Last summer, he met up with some friends of his who had also become friends of mine over the years. After he saw them, he sent me an email telling me that he had told our friends how much we loved each other, and how much we had tried to make things work, but just couldn’t. These friends were, he said, all very sad for us and very supportive. At first, when I read that email, I felt touched, then it hit me that his story was completely untrue. We divorced because he was abusive. There were, of course, other reasons also, but the dominant one was because he hit me. He hit me frequently and violently. His email was self-serving, I realized. He wanted me to remain complicit in his lies, just as I had remained complicit for so many years.

Because I had been complicit. I had helped him. I had helped him abuse me.

I am not a comfortable liar. I am more known for being uncomfortably honest. But when my husband was abusing me, I was forced to lie. I lied to protect myself, but I mostly lied to protect him.

He didn’t abuse me frequently throughout our marriage. In the early years, there were some isolated incidents that I was able to excuse as outliers. His abuse didn’t become frequent until after we had moved across the country. I was isolated by then, which is part of the pattern. I had no family or friends nearby. I think that some people think that all abusers start abusing the minute the relationship starts, but it’s not always that way. Sometimes it’s a slow buildup. Sometimes the abuser waits until the bonds feel too strong to break.

I don’t remember the first time I had to lie to someone about the bruises, but a couple of times are rendered in my memory vividly. My friend Rebecca came over, and I had forgotten about the bruise on my arm. I had forgotten to wear long sleeves. She asked what had happened in horror. He was there–my husband–looking at me, waiting to see what I would say. I panicked. I told her that I had done it in my sleep, that I didn’t even remember it. I told her that I thought I was anemic. She couldn’t imagine how I could have possibly not remembered that happening because the bruise was so large, but she trusted me, and she trusted him, so she accepted my story.

Another time, we were babysitting our nephews while his brother and my sister-in-law went to a football game.
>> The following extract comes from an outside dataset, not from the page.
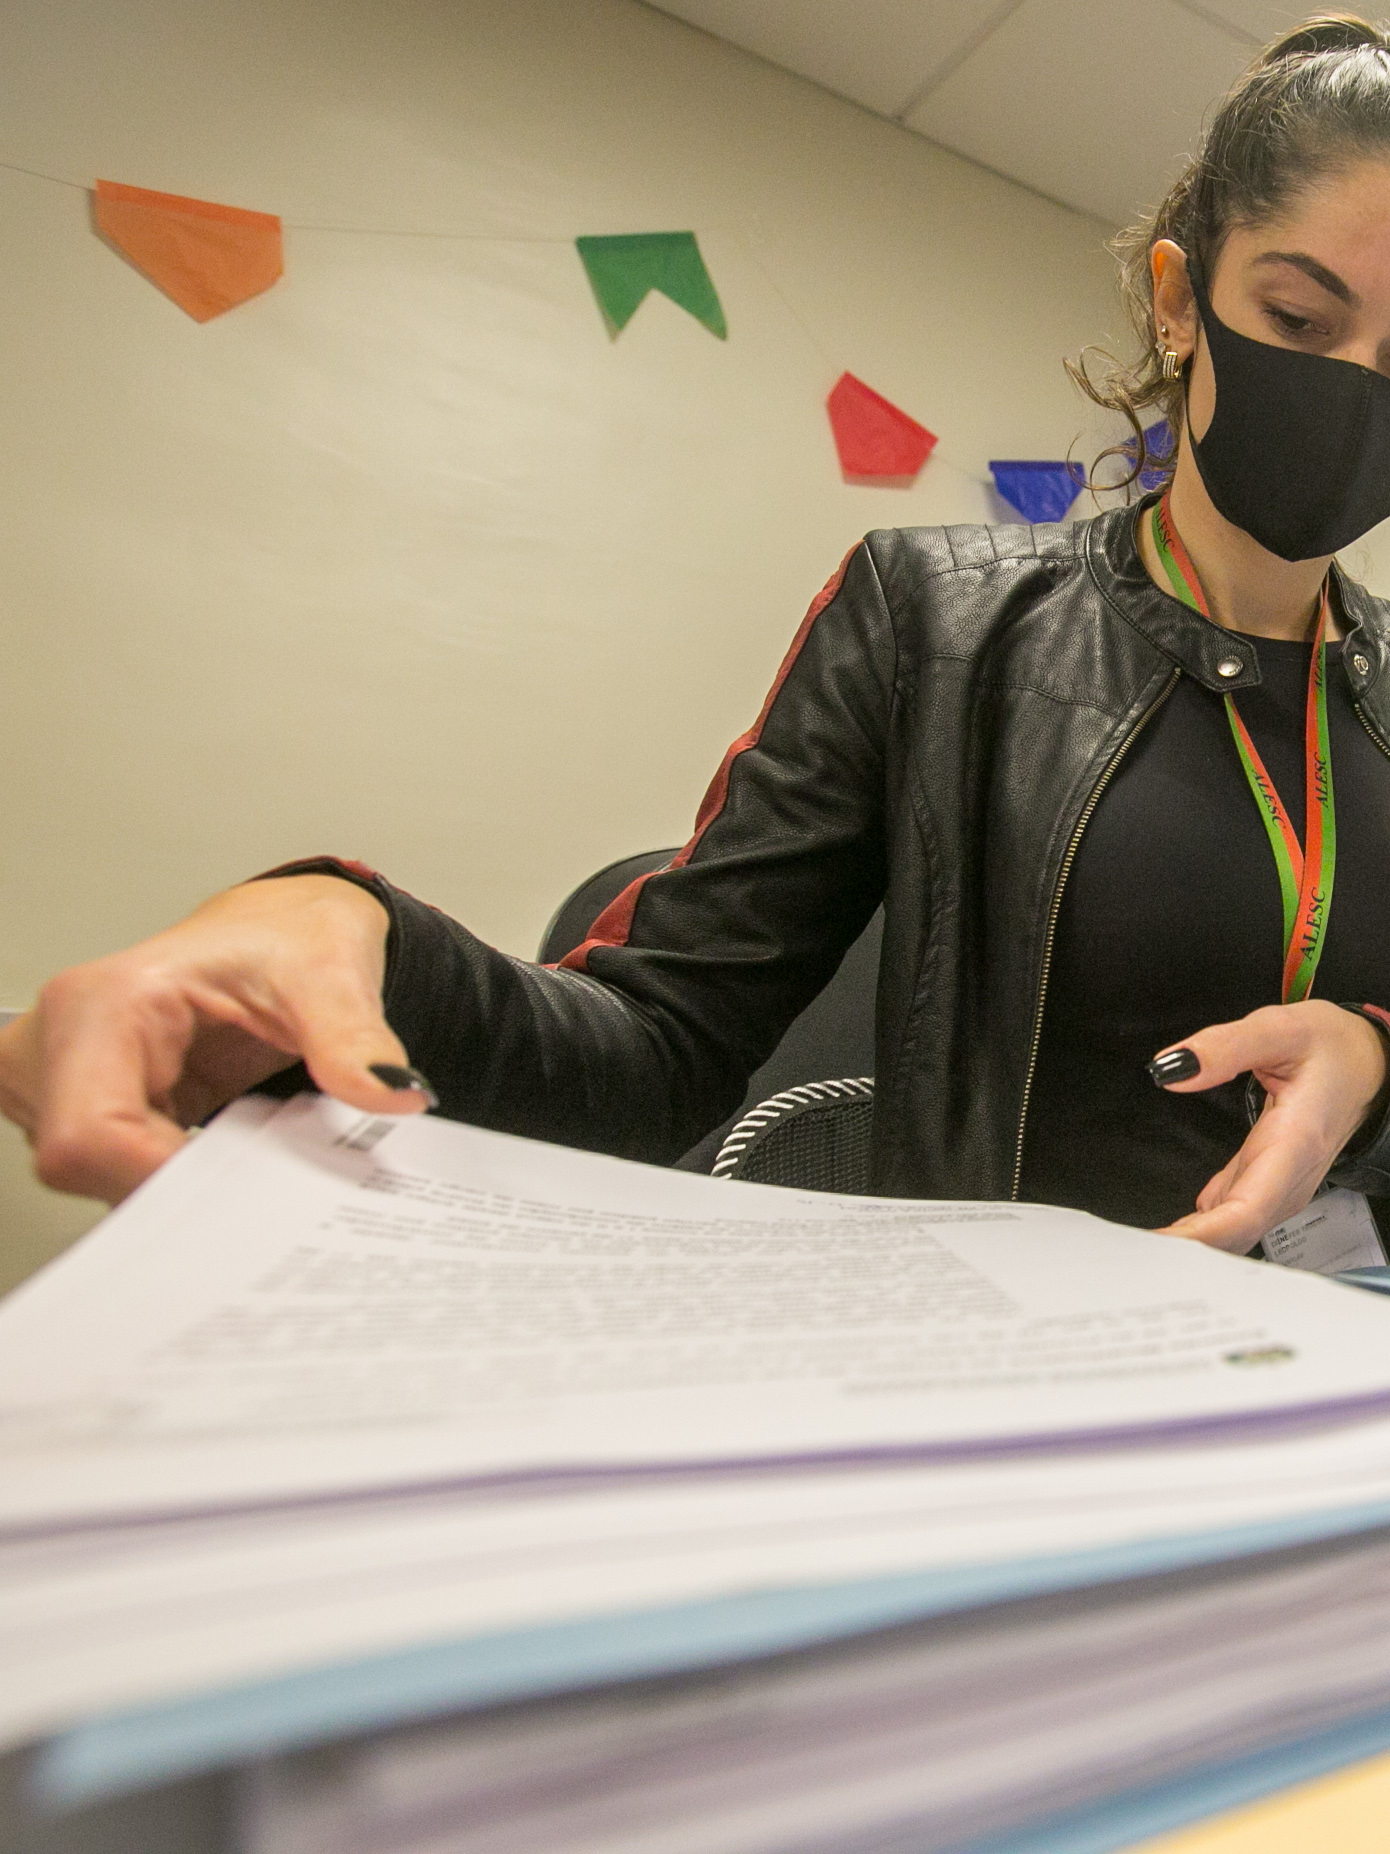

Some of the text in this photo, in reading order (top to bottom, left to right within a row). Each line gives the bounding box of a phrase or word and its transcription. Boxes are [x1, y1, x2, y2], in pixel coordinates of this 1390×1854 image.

He had attacked me the night before. It was very, very hot in our house, but I wore long sleeves in order to cover up the bruises on my arms (the visible bruises were usually on my arms because I raised my arms as a defensive measure.) As we spoke to my in-laws, I was sweating inside of my shirt. I wanted to push my sleeves up so badly, but I couldn’t. We had a friendly conversation. There was lots of laughing, but I was dying inside. I wanted to scream “This isn’t real. What you are seeing is not my life.”

The last time I remember lying, I had lunch with two friends, including the same friend who had asked about the large bruise on my arm. I had worn long sleeves to the lunch, but I couldn’t hide the fact that my hand was bruised and swollen. I told them I had shut it in the door. I felt that I was lying poorly. I felt that they would surely see through the lie, but they accepted it.

The truth was trapped in my throat. I wanted those words to fall out of my mouth like rocks. I wanted to let go of that pain. I wanted to say Help Me, but I didn’t.

After he was arrested, I told all of my best friends. I partly told them as an insurance policy. I knew that, if they knew, they would never let me go back to him, and I didn’t trust myself yet. I didn’t trust myself not to give him another chance.

I tell my son that no one can ever ask him to lie about anything. I tell him that he can always tell me the truth. I hope that he always does. I hope that he always trusts me enough to tell me the truth.

A friend today sent me a message on Facebook telling me that she appreciates my blog. “It takes a lot to stand up and tell your story,” she said. “People will scrutinize and judge. But, even more people will connect to something you write.”

I hope this is true. I am very aware that some people will judge me for my honesty. I am also aware that some people will react with disbelief. But secrets are shame. Secrets are wrong. When I became complicit in my husband’s secrets, I became complicit in my own abuse. I am no longer keeping his secrets. I don’t owe that to him, but I owe myself the truth.